Although case managers work in a lot of environments, some common elements include:
Assessment, which is the process of identification of the condition/needs, abilities and preferences of the individual, which leads to the development of a plan of care.
Care planning, which is a kind of health care map, including goals and preferences. The care plan defines strategies and next steps towards achieving the desired outcomes. The ultimate goal is to help individuals take control of their care and be actively involved in evaluating the experience.

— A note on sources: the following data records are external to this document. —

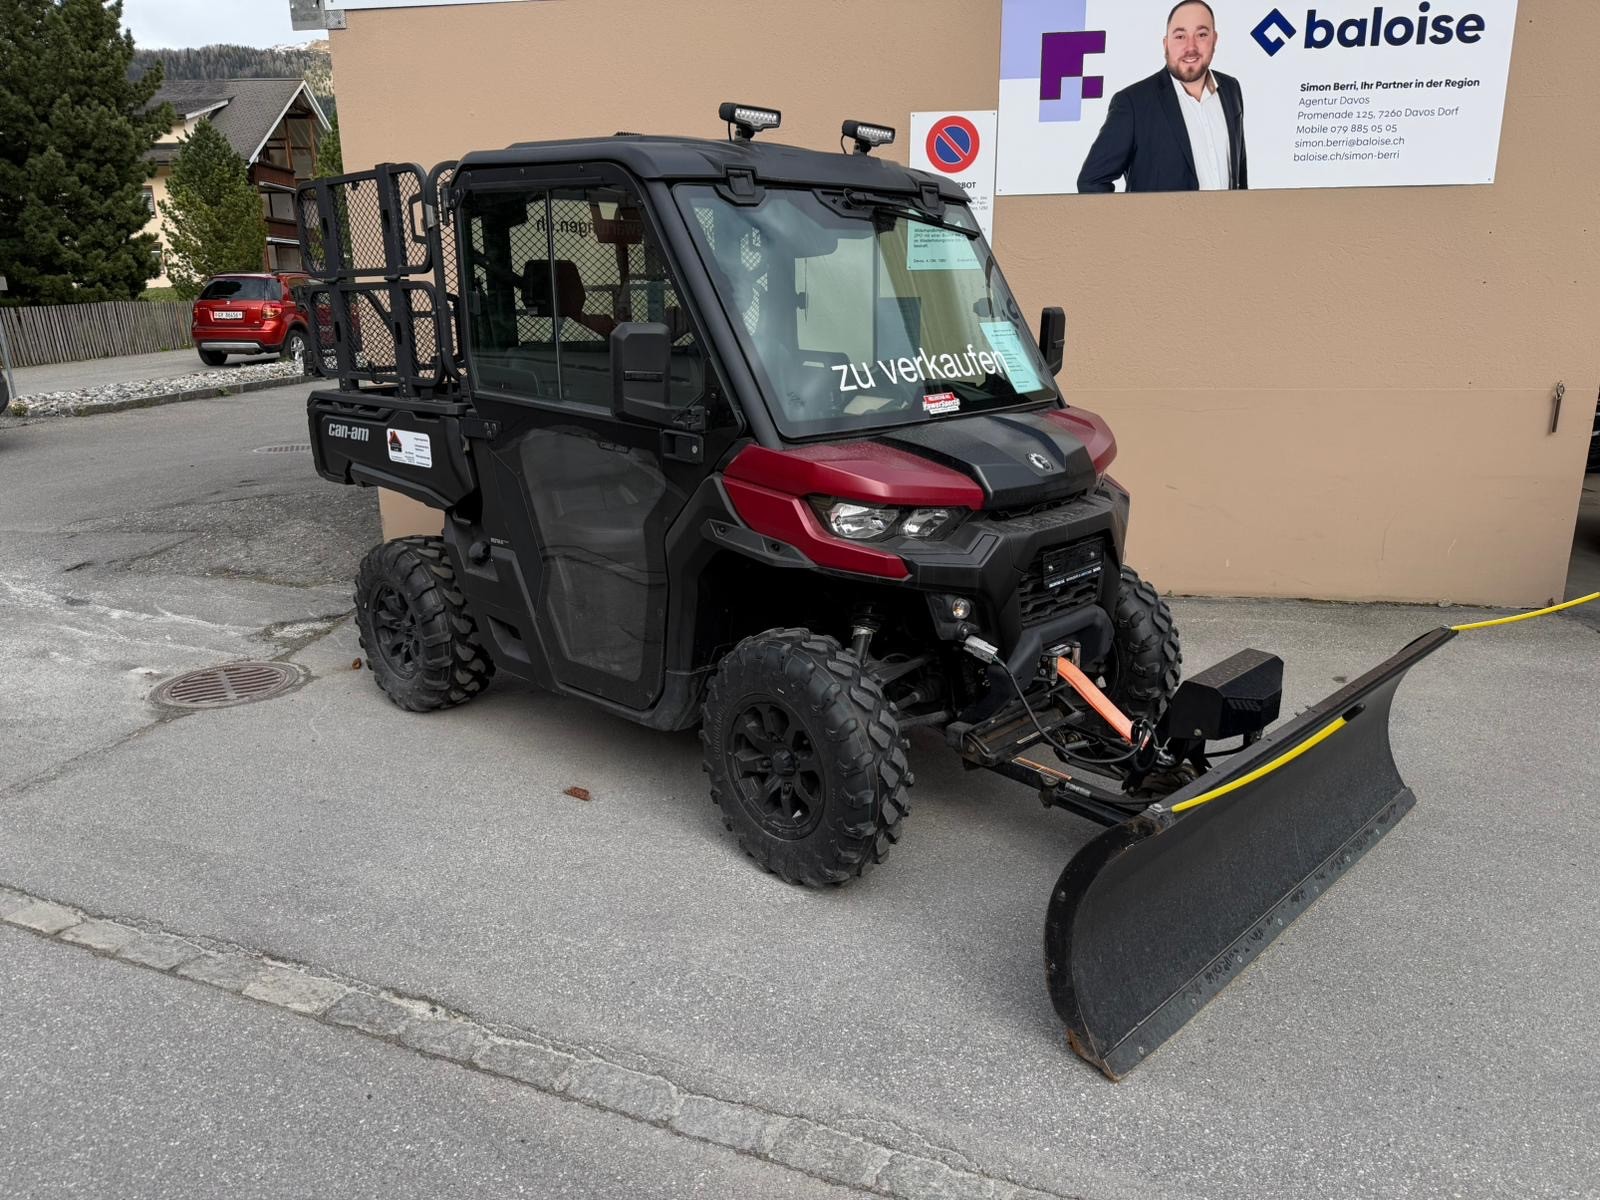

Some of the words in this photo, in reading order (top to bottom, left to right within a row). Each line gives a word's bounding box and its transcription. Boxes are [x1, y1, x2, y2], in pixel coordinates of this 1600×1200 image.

[1304, 1, 1485, 49] baloise
[1300, 83, 1331, 92] Simon
[1333, 82, 1358, 92] Berri,
[1360, 81, 1373, 91] Ihr
[1375, 80, 1412, 90] Partner
[1414, 79, 1423, 89] in
[1426, 79, 1442, 88] der
[1445, 78, 1480, 90] Region
[1299, 97, 1337, 108] Agentur
[1339, 96, 1370, 106] Davos
[1297, 110, 1353, 120] Promenade
[1356, 110, 1376, 120] 125,
[1378, 109, 1402, 119] 7260
[1404, 108, 1435, 118] Davos
[1437, 106, 1460, 117] Dorf
[1296, 124, 1328, 134] Mobile
[1330, 124, 1348, 134] 079
[1351, 123, 1368, 134] 885
[1371, 124, 1383, 134] 05
[1385, 123, 1397, 133] 05
[1294, 136, 1405, 148] simon.berri@baloise.ch
[1293, 150, 1400, 162] baloise.ch/simon-berri
[831, 361, 876, 392] zu
[877, 343, 1011, 385] verkaufen
[328, 423, 370, 442] can-am
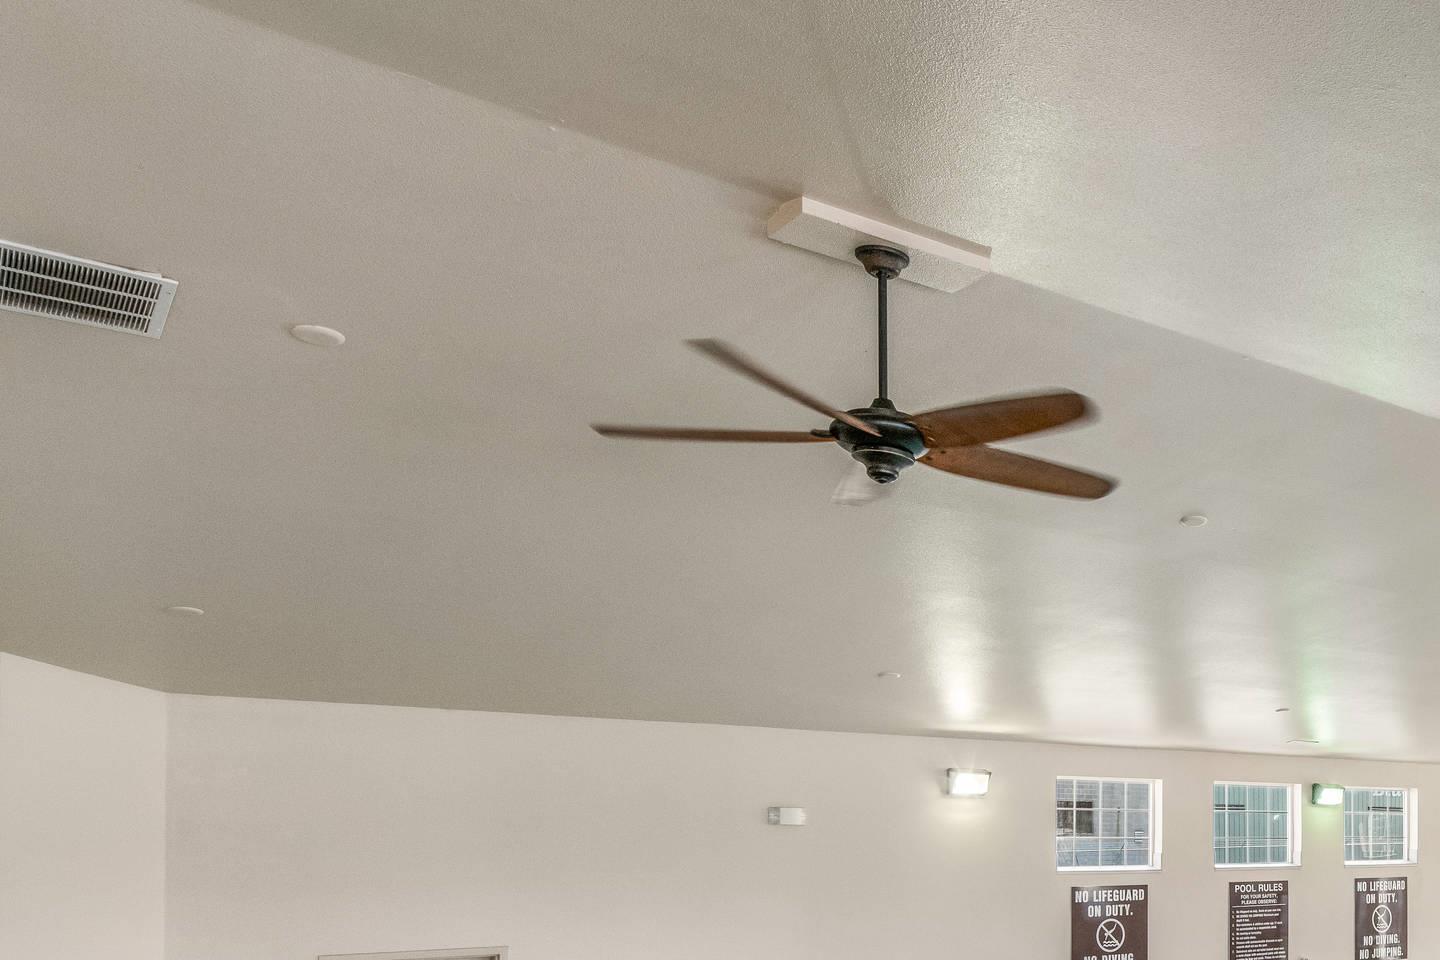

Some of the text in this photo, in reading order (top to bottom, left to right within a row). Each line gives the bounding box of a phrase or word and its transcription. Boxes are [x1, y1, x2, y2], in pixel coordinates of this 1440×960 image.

[1234, 883, 1284, 893] POOL RULES
[1357, 880, 1406, 892] NO LIFEGUARD
[1075, 889, 1145, 903] NO LIFEGUARD
[1366, 893, 1398, 904] ON DUTY.
[1087, 904, 1133, 918] ON DUTY.
[1363, 934, 1401, 946] NO DIVING.
[1359, 946, 1404, 960] NO JUMPING.

Alignment, which means case managers work to align all the moving parts and puts the plan into action with the individual.
Evaluation/Outcomes Measurement, which tells the individual and case manager what’s working, what’s not working and what needs to be modified (plan, goals, etc.). Finally, it identifies what progress is being/has been made toward individual goals.
Promotes Client Self-Determination, which means the individual learns the skills necessary to take control of their care with confidence. In other words, they know what’s wrong with them, what they need to do about it, and the value of doing so.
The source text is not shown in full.